======== GIVEN RECORDS ========

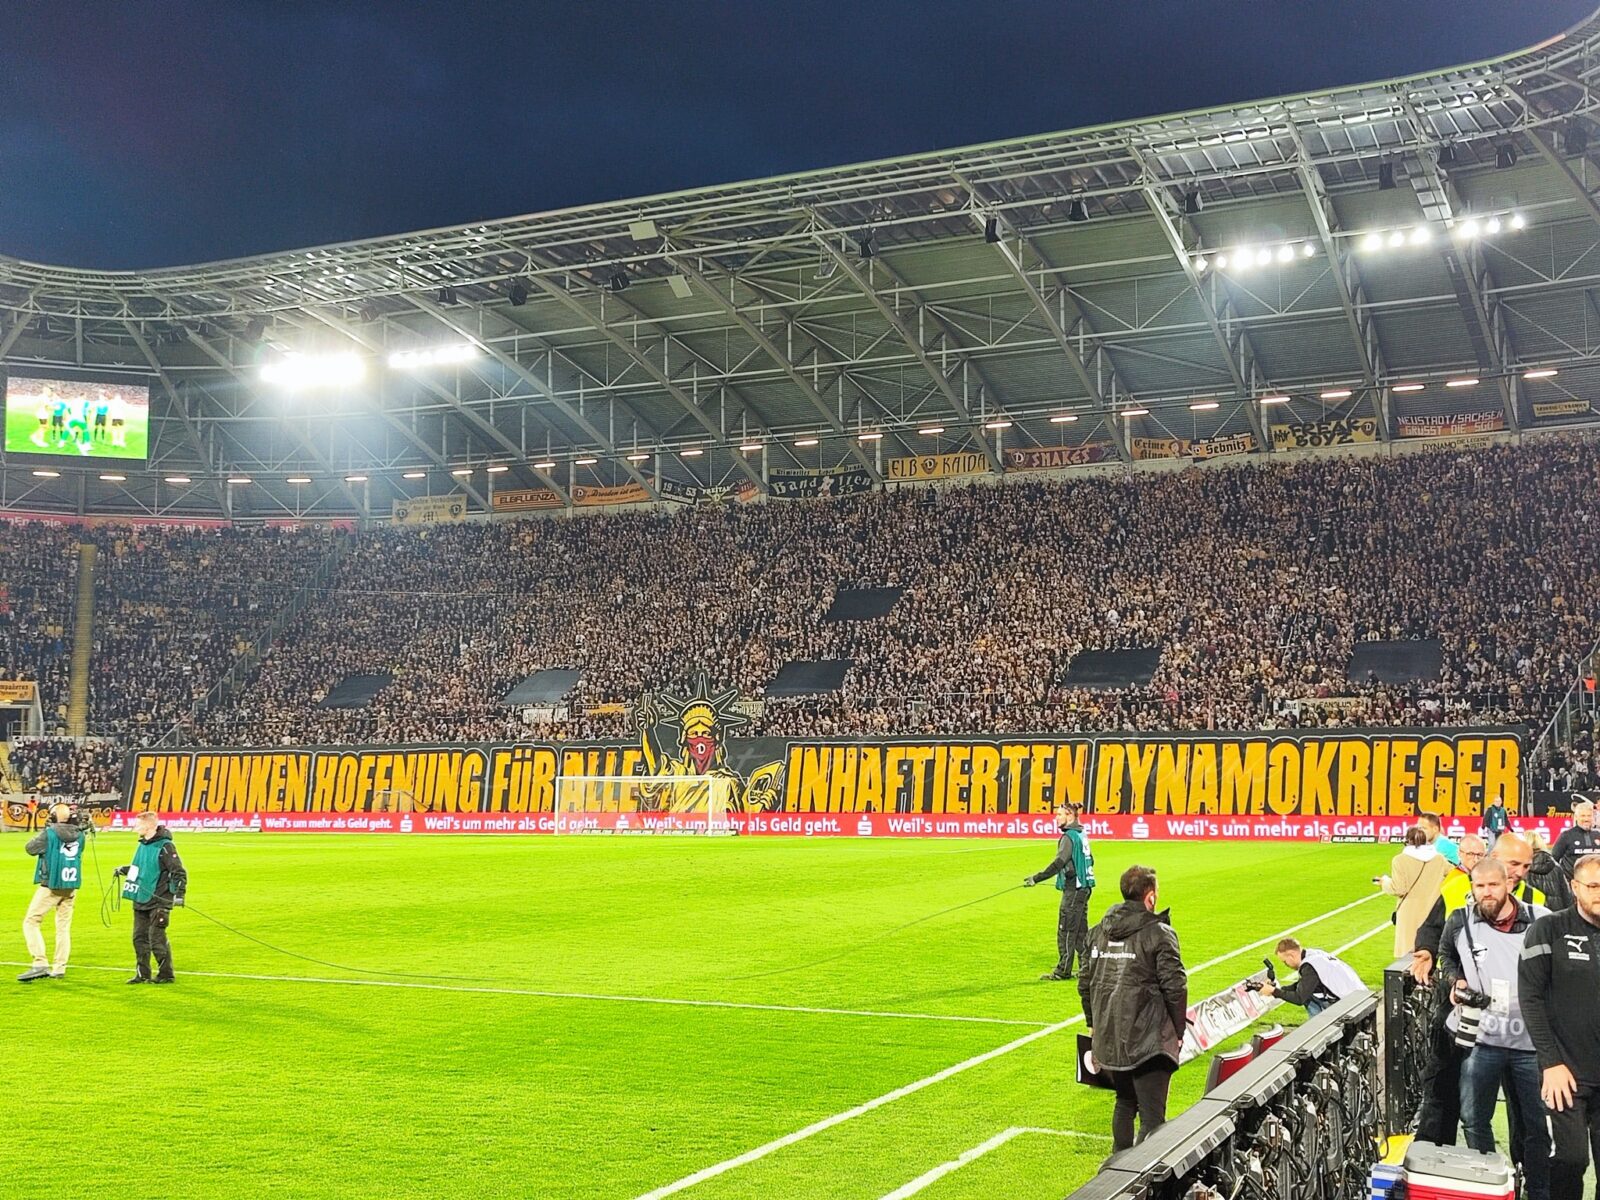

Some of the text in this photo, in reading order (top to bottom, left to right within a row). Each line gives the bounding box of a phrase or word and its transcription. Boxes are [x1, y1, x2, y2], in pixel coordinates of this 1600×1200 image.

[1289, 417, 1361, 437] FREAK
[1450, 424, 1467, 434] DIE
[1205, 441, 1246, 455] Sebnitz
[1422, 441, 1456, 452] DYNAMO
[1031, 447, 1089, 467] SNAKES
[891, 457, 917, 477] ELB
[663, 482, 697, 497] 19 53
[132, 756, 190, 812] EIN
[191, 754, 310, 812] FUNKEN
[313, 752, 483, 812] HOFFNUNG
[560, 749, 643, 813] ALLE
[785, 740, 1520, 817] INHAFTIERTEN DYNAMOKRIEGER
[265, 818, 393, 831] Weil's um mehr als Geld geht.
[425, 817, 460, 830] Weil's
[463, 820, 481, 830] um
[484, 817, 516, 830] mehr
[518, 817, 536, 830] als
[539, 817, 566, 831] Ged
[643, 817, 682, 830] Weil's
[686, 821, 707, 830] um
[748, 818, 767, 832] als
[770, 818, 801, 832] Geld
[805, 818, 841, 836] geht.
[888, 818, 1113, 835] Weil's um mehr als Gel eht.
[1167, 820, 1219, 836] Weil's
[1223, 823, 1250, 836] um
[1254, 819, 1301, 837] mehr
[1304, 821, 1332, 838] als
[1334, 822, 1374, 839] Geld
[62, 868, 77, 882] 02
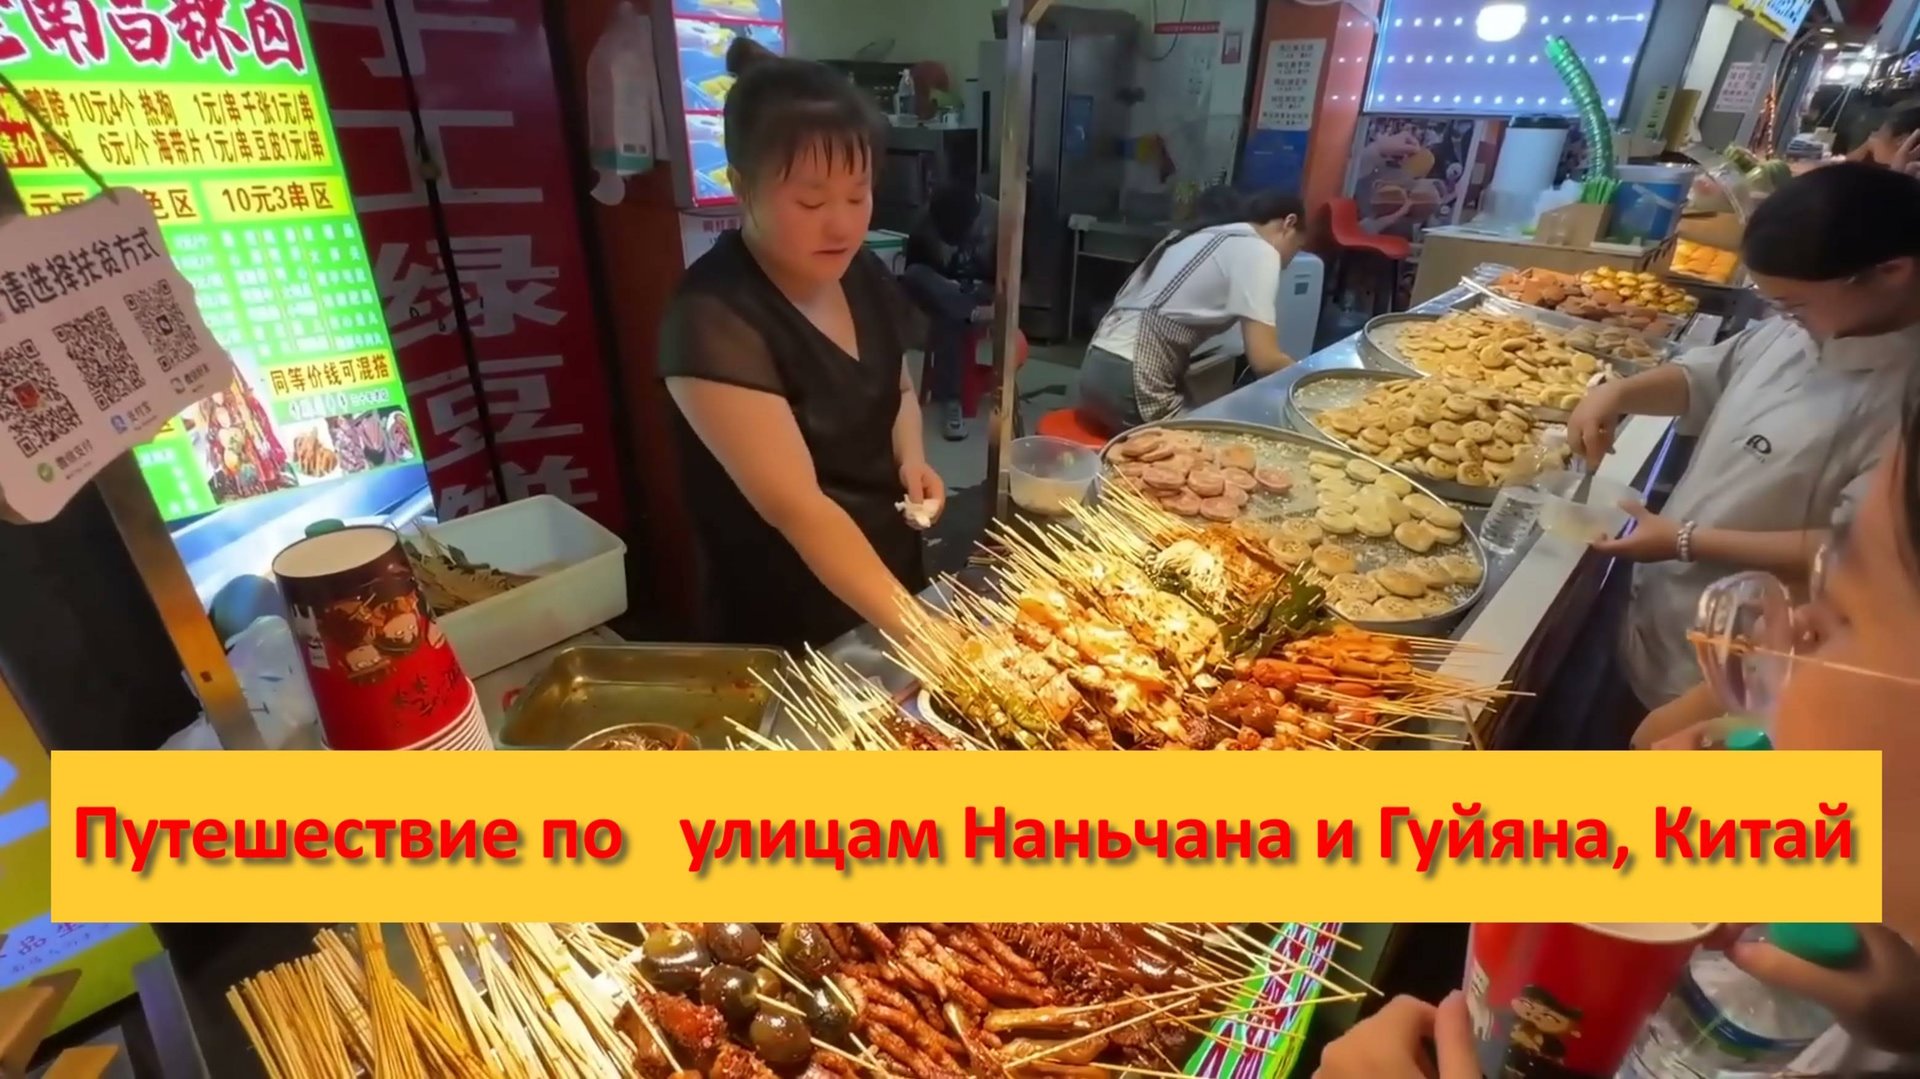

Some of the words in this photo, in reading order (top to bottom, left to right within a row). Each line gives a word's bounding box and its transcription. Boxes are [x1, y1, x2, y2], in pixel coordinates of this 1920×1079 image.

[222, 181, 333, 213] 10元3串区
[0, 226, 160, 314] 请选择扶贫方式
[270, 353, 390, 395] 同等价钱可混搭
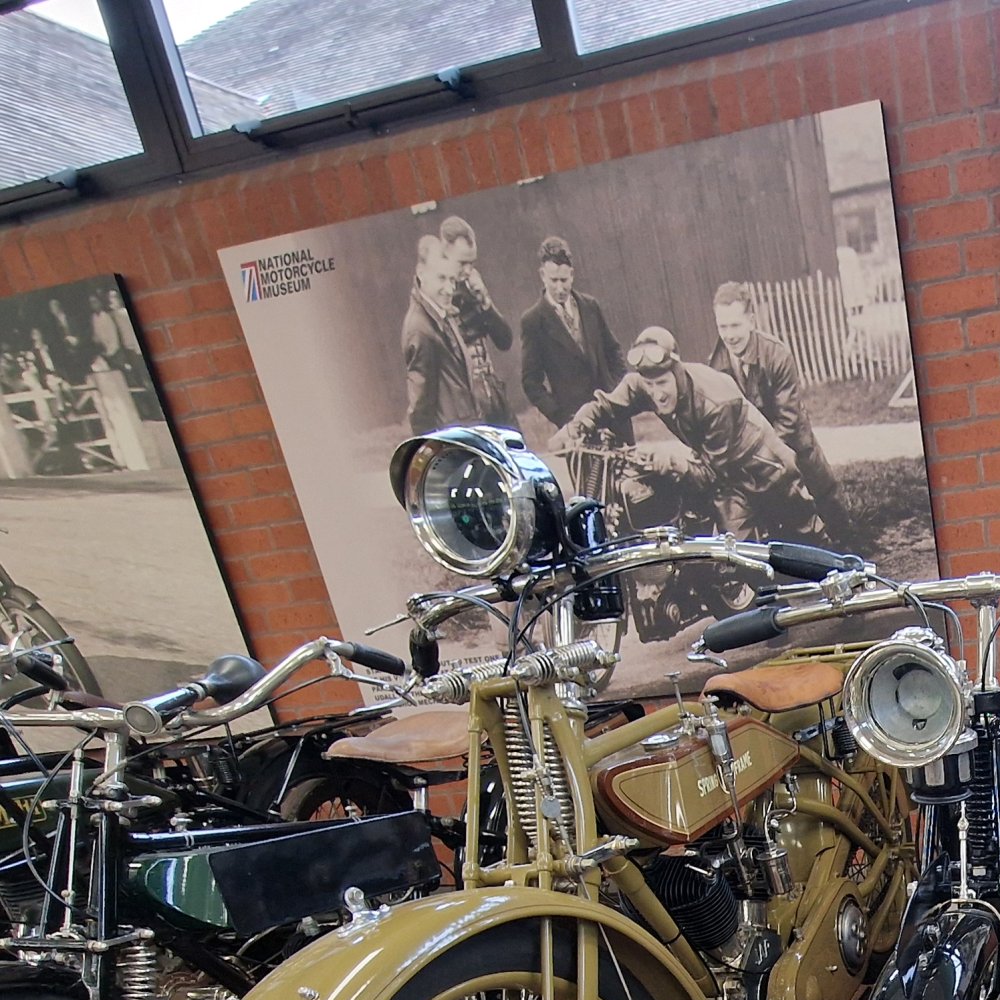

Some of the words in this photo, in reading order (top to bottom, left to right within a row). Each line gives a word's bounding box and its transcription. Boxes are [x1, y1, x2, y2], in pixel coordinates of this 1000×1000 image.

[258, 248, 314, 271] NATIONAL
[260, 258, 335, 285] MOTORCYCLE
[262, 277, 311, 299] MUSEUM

========

If an entry contains an image, print the rest of that entry exactly and leave the image out.

REPLY TO THE EXERCISE
Some of the text in this photo, in reading order (top to bottom, left to right within a row). Each line gives the bounding box of a phrase or word and its transcription. Boxes are [x1, y1, x2, y2], in pixel coordinates of this 1600×1200 image.

[1289, 417, 1361, 437] FREAK
[1450, 424, 1467, 434] DIE
[1205, 441, 1246, 455] Sebnitz
[1422, 441, 1456, 452] DYNAMO
[1031, 447, 1089, 467] SNAKES
[891, 457, 917, 477] ELB
[663, 482, 697, 497] 19 53
[132, 756, 190, 812] EIN
[191, 754, 310, 812] FUNKEN
[313, 752, 483, 812] HOFFNUNG
[560, 749, 643, 813] ALLE
[785, 740, 1520, 817] INHAFTIERTEN DYNAMOKRIEGER
[265, 818, 393, 831] Weil's um mehr als Geld geht.
[425, 817, 460, 830] Weil's
[463, 820, 481, 830] um
[484, 817, 516, 830] mehr
[518, 817, 536, 830] als
[539, 817, 566, 831] Ged
[643, 817, 682, 830] Weil's
[686, 821, 707, 830] um
[748, 818, 767, 832] als
[770, 818, 801, 832] Geld
[805, 818, 841, 836] geht.
[888, 818, 1113, 835] Weil's um mehr als Gel eht.
[1167, 820, 1219, 836] Weil's
[1223, 823, 1250, 836] um
[1254, 819, 1301, 837] mehr
[1304, 821, 1332, 838] als
[1334, 822, 1374, 839] Geld
[62, 868, 77, 882] 02

Some of the words in this photo, in reading order (top to bottom, left to right within a row). Each line gives a word's bounding box and its transcription. Boxes are [x1, y1, x2, y2], in pixel coordinates of this 1920×1079 image.

[222, 181, 333, 213] 10元3串区
[0, 226, 160, 314] 请选择扶贫方式
[270, 353, 390, 395] 同等价钱可混搭

Some of the words in this photo, in reading order (top to bottom, left to right within a row). Each line gives a word's bounding box and its transcription. Boxes are [x1, y1, x2, y2], in pixel coordinates of this 1000×1000 image.

[258, 248, 314, 271] NATIONAL
[260, 258, 335, 285] MOTORCYCLE
[262, 277, 311, 299] MUSEUM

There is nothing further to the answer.